**Aim of the task**
Print the entries underneath word for word, omitting whatever pictures they contain.

**Input records**
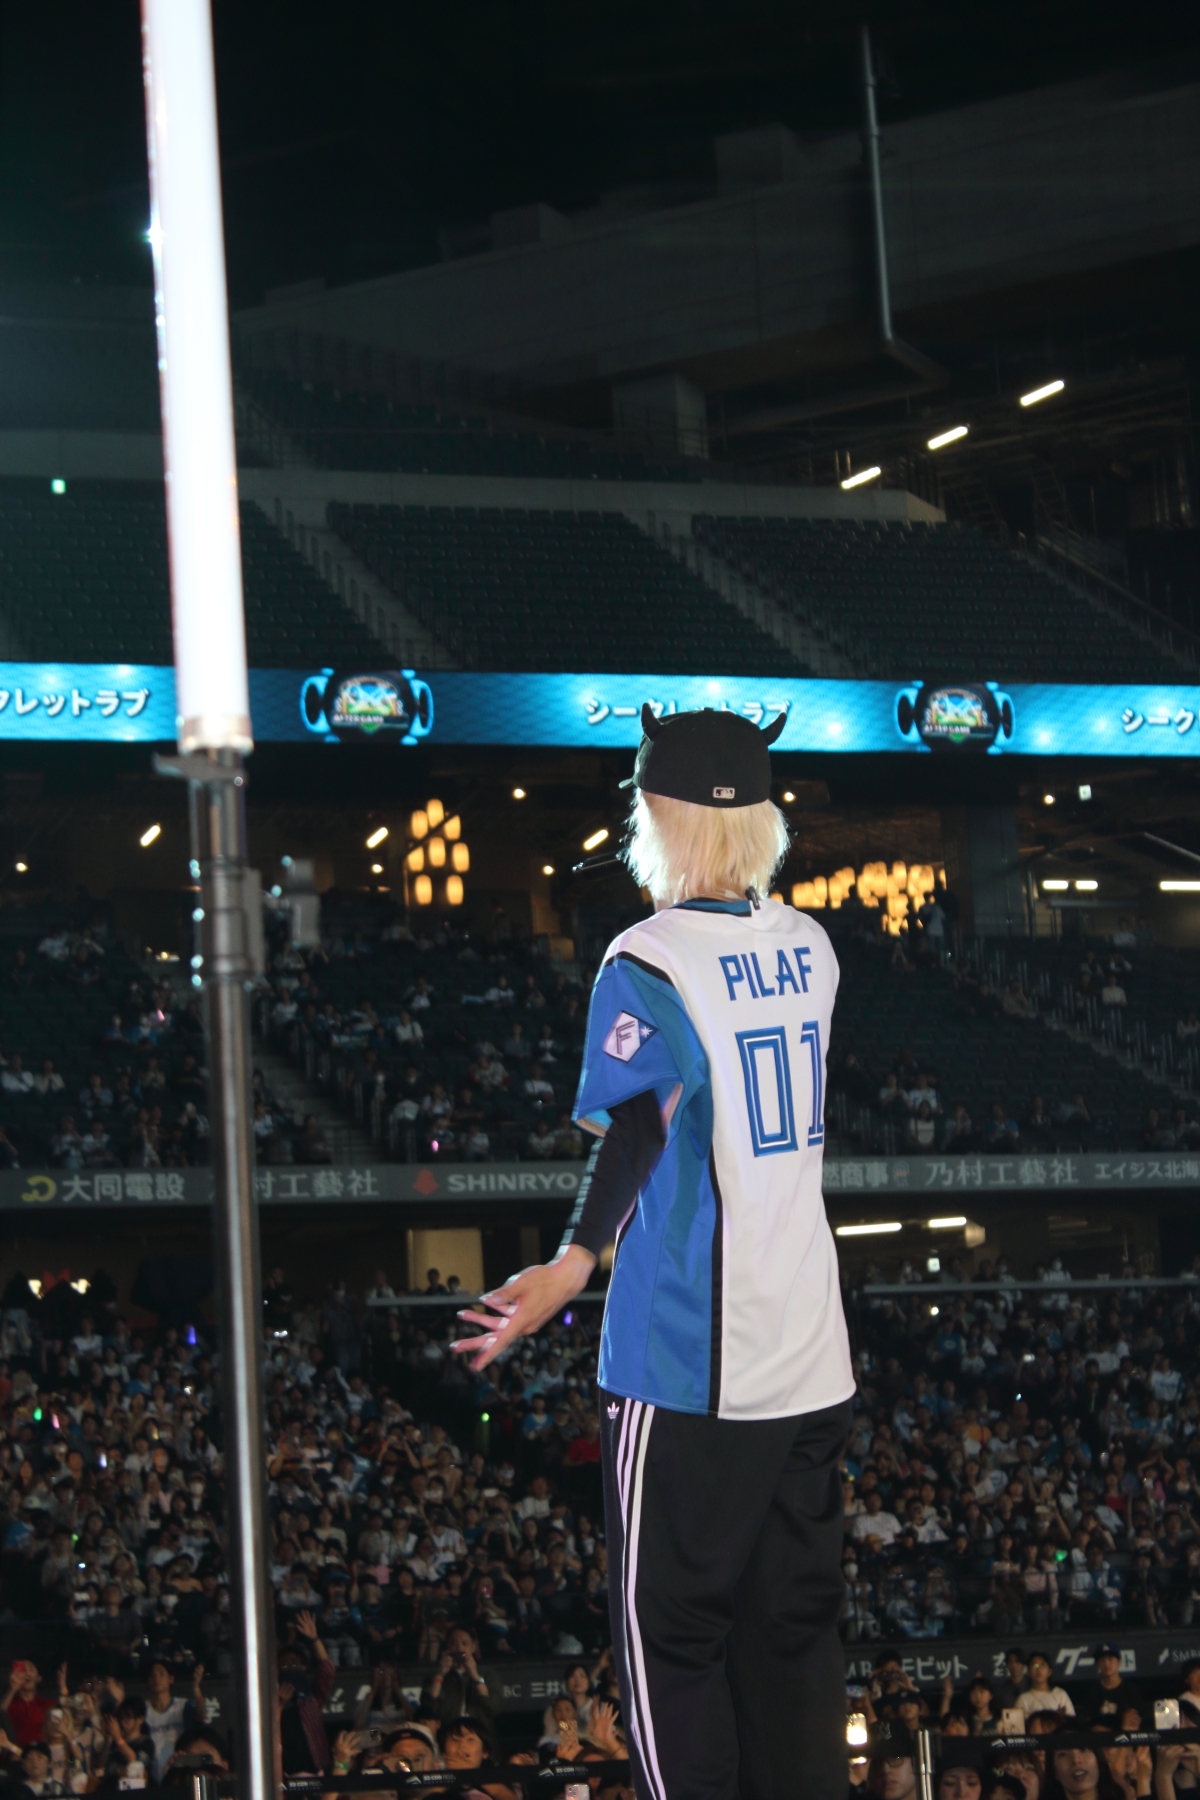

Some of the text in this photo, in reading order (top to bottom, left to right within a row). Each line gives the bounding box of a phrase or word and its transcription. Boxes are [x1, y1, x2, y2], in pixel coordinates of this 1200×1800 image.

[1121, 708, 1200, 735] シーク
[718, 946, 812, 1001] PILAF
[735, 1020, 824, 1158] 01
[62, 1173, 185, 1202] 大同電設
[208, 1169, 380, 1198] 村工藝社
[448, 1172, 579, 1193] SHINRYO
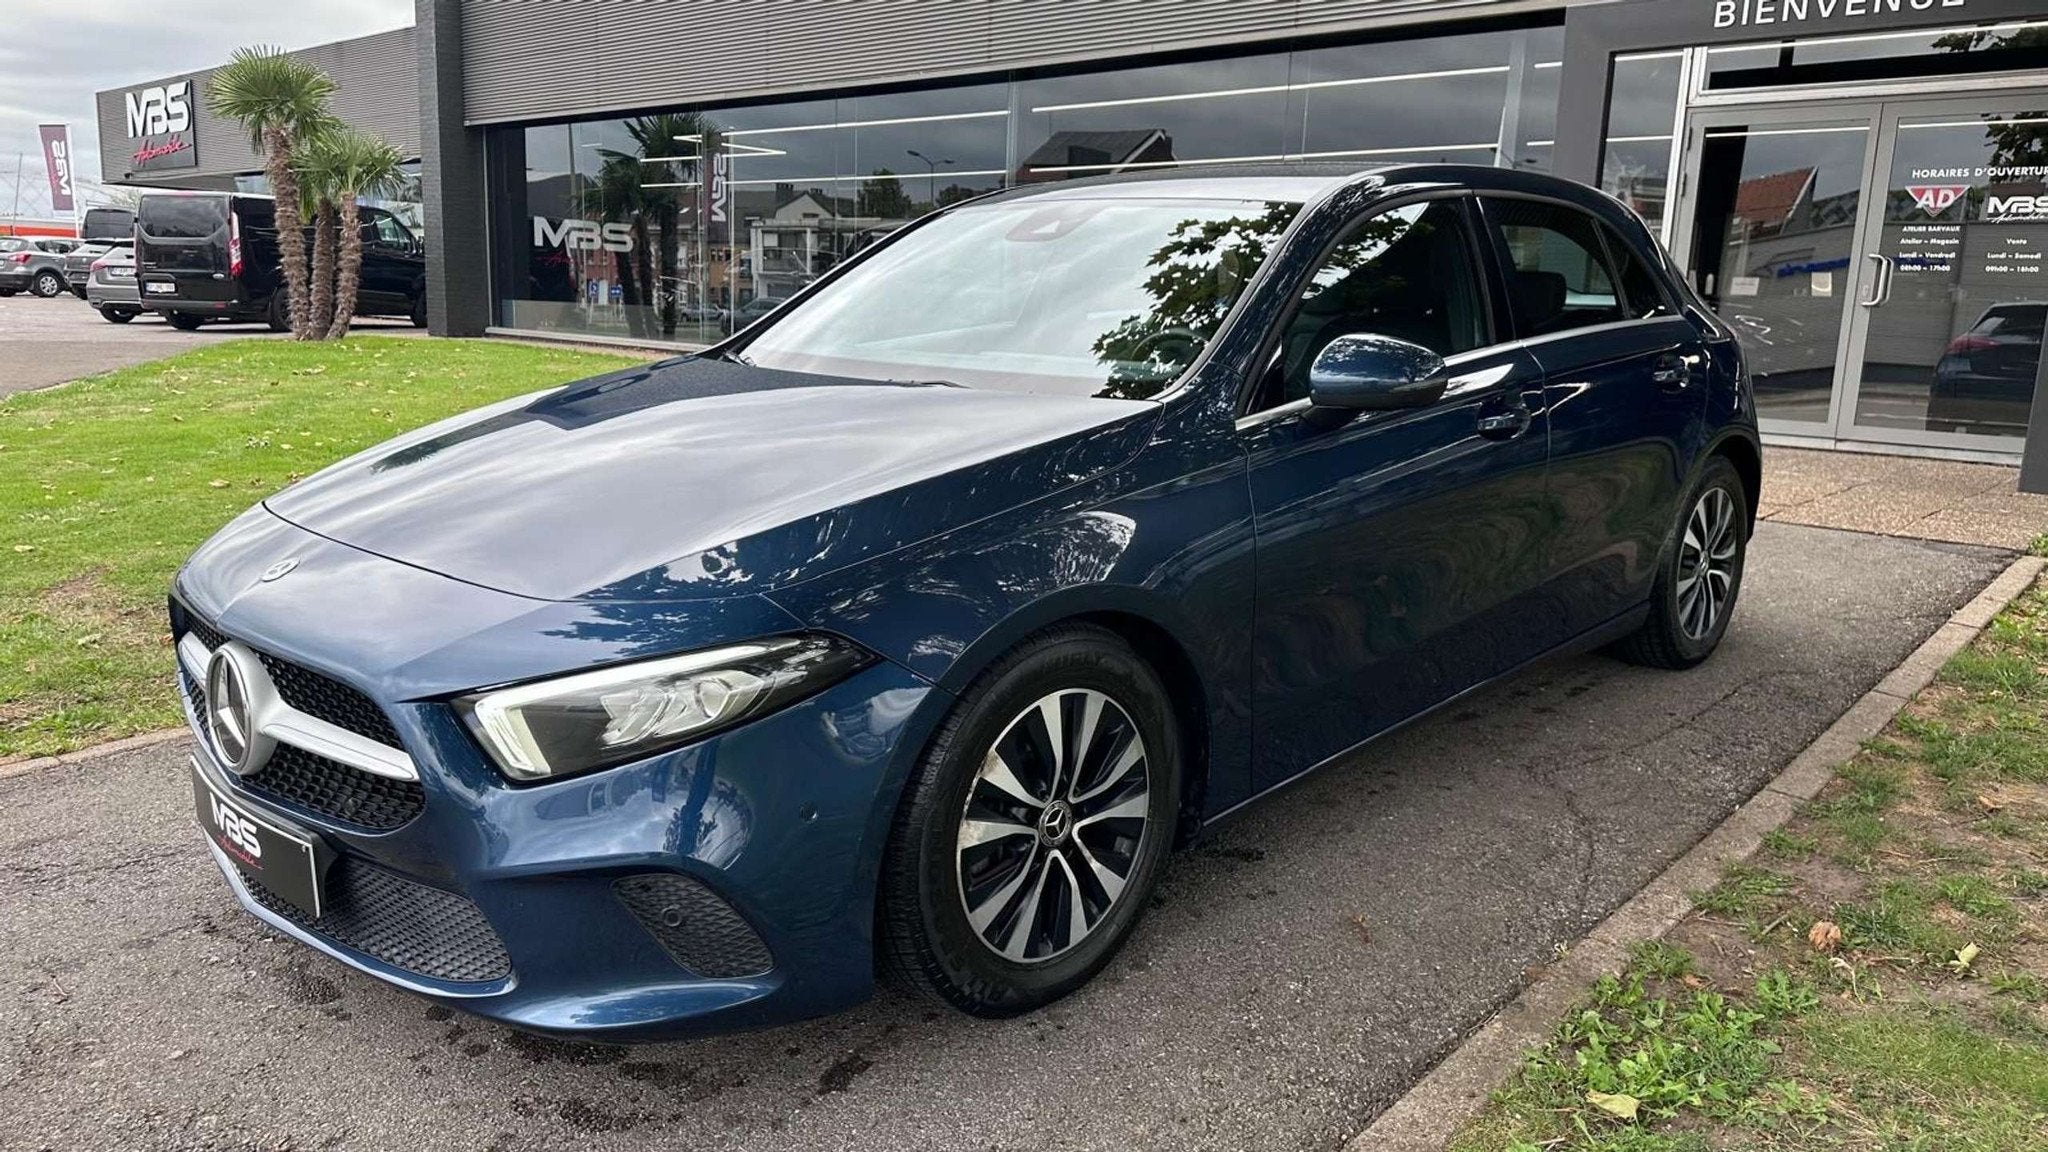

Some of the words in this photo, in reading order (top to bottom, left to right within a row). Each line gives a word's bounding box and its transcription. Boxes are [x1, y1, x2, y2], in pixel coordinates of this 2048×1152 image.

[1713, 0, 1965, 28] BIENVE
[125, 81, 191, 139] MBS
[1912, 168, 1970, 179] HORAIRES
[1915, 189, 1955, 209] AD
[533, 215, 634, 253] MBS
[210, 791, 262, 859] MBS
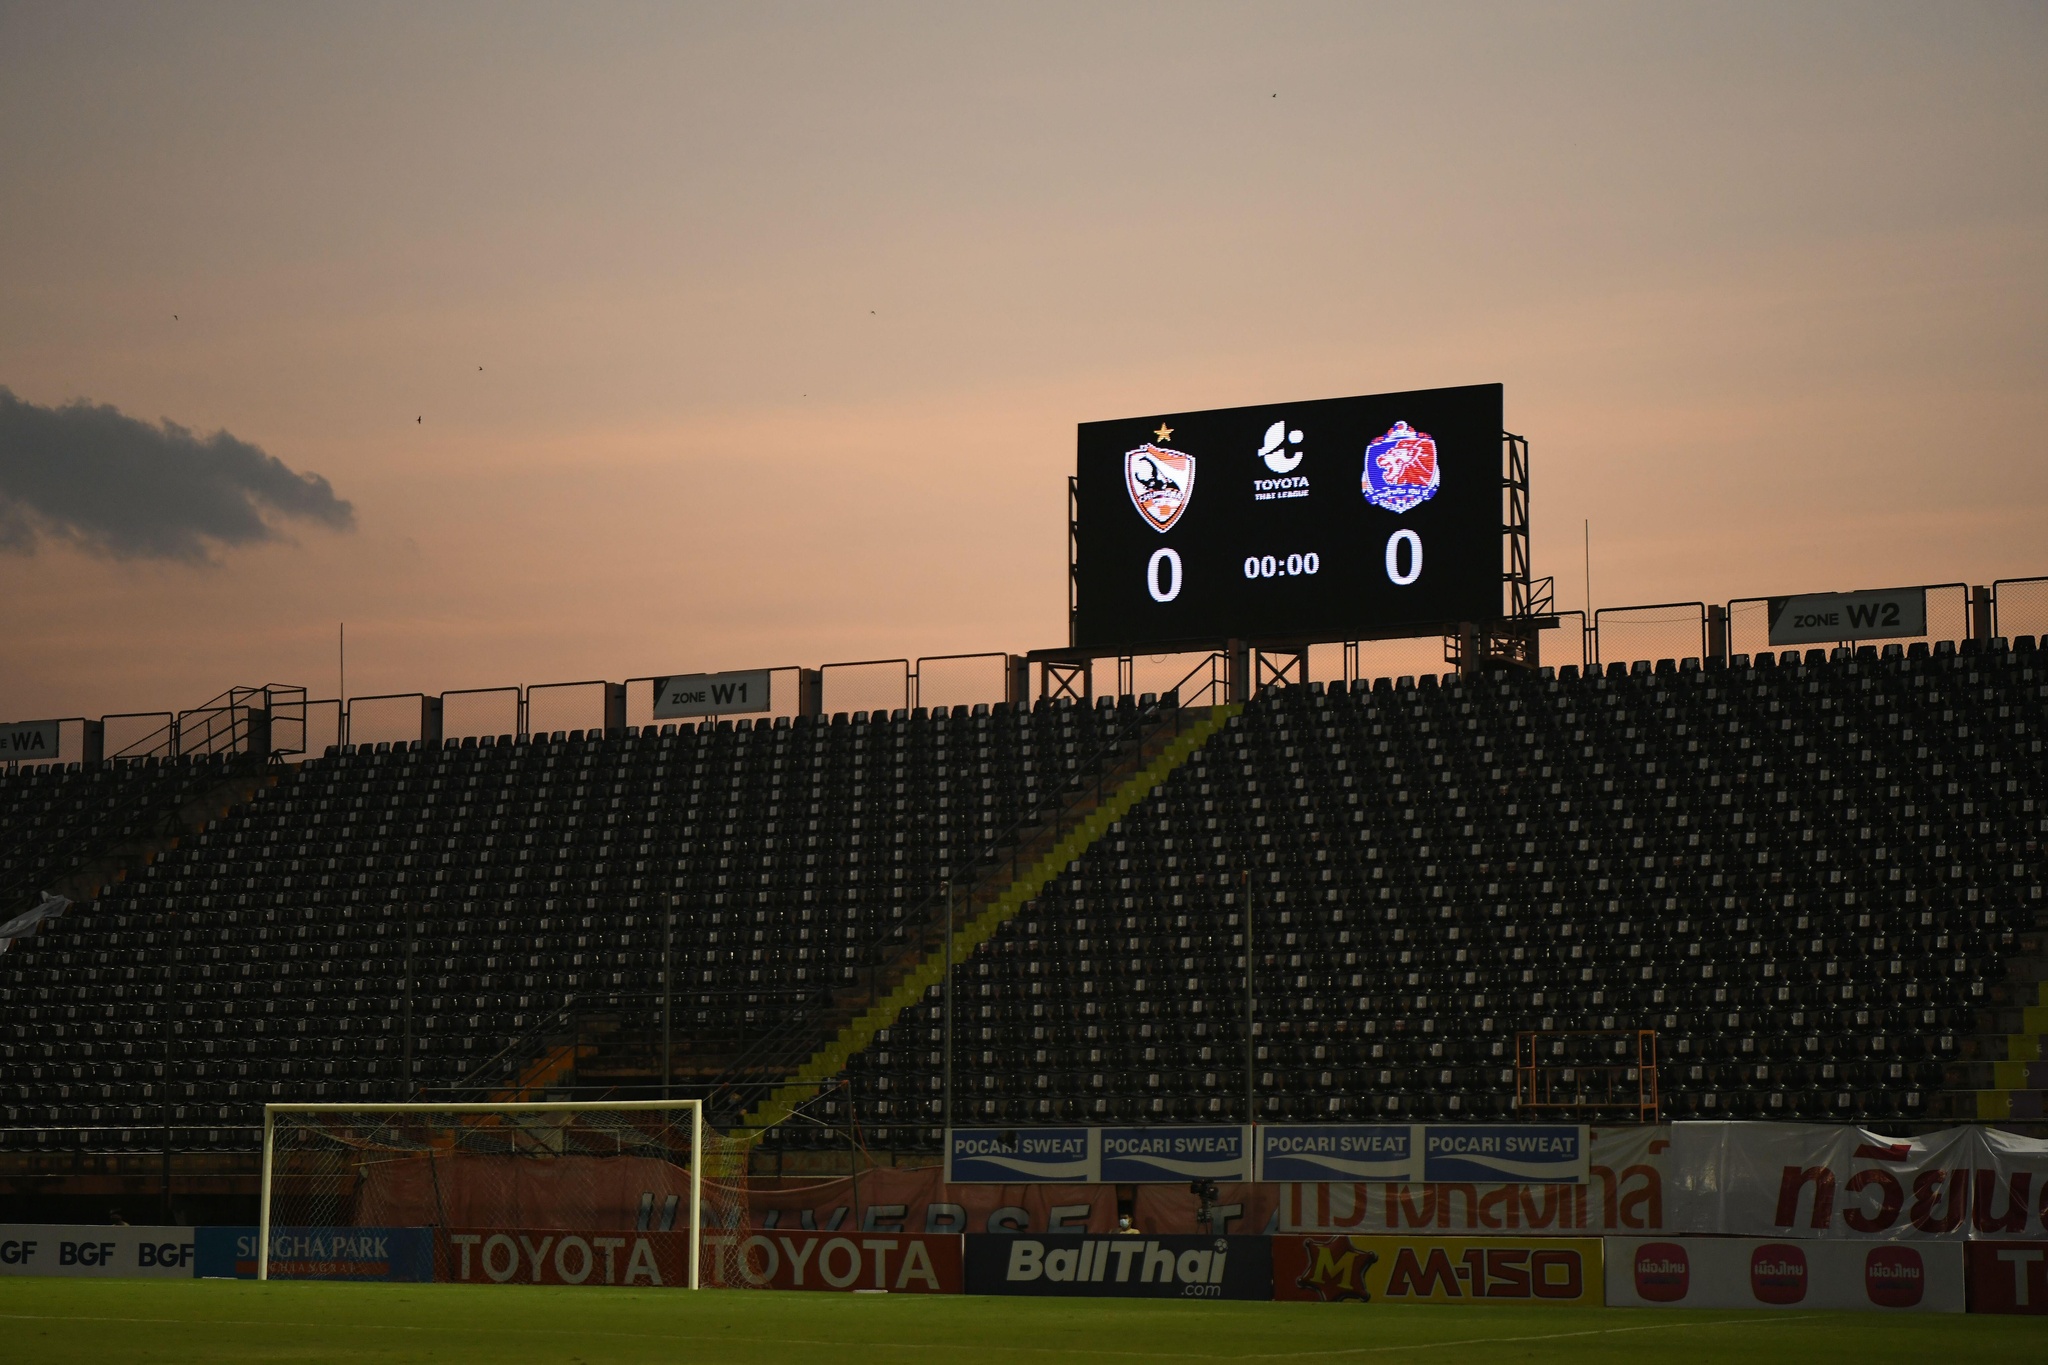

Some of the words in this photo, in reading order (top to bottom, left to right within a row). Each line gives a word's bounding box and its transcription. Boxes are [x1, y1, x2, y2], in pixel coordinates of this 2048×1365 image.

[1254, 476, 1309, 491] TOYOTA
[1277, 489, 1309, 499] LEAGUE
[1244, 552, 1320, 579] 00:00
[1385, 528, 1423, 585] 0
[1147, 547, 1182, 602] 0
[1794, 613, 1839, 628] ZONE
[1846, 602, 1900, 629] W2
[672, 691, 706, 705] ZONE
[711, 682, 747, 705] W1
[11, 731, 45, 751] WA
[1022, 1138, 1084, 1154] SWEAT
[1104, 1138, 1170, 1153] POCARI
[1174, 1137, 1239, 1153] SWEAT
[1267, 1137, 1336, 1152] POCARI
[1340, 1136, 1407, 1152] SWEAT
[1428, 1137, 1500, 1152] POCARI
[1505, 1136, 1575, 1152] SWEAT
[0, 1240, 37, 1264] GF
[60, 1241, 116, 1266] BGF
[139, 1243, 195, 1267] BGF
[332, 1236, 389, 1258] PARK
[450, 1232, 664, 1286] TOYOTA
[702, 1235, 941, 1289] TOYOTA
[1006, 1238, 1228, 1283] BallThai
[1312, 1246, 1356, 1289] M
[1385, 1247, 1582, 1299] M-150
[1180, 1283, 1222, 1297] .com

**Exercise output**
Some of the text in this photo, in reading order (top to bottom, left to right within a row). Each line gives the bounding box of a phrase or word and its transcription. Boxes are [x1, y1, x2, y2], in pixel coordinates of this 1200×1800 image.

[1121, 708, 1200, 735] シーク
[718, 946, 812, 1001] PILAF
[735, 1020, 824, 1158] 01
[62, 1173, 185, 1202] 大同電設
[208, 1169, 380, 1198] 村工藝社
[448, 1172, 579, 1193] SHINRYO

Some of the words in this photo, in reading order (top to bottom, left to right within a row). Each line gives a word's bounding box and its transcription. Boxes are [x1, y1, x2, y2], in pixel coordinates of this 2048×1152 image.

[1713, 0, 1965, 28] BIENVE
[125, 81, 191, 139] MBS
[1912, 168, 1970, 179] HORAIRES
[1915, 189, 1955, 209] AD
[533, 215, 634, 253] MBS
[210, 791, 262, 859] MBS

Some of the words in this photo, in reading order (top to bottom, left to right within a row). Each line gives a word's bounding box and its transcription. Boxes are [x1, y1, x2, y2], in pixel coordinates of this 2048×1365 image.

[1254, 476, 1309, 491] TOYOTA
[1277, 489, 1309, 499] LEAGUE
[1244, 552, 1320, 579] 00:00
[1385, 528, 1423, 585] 0
[1147, 547, 1182, 602] 0
[1794, 613, 1839, 628] ZONE
[1846, 602, 1900, 629] W2
[672, 691, 706, 705] ZONE
[711, 682, 747, 705] W1
[11, 731, 45, 751] WA
[1022, 1138, 1084, 1154] SWEAT
[1104, 1138, 1170, 1153] POCARI
[1174, 1137, 1239, 1153] SWEAT
[1267, 1137, 1336, 1152] POCARI
[1340, 1136, 1407, 1152] SWEAT
[1428, 1137, 1500, 1152] POCARI
[1505, 1136, 1575, 1152] SWEAT
[0, 1240, 37, 1264] GF
[60, 1241, 116, 1266] BGF
[139, 1243, 195, 1267] BGF
[332, 1236, 389, 1258] PARK
[450, 1232, 664, 1286] TOYOTA
[702, 1235, 941, 1289] TOYOTA
[1006, 1238, 1228, 1283] BallThai
[1312, 1246, 1356, 1289] M
[1385, 1247, 1582, 1299] M-150
[1180, 1283, 1222, 1297] .com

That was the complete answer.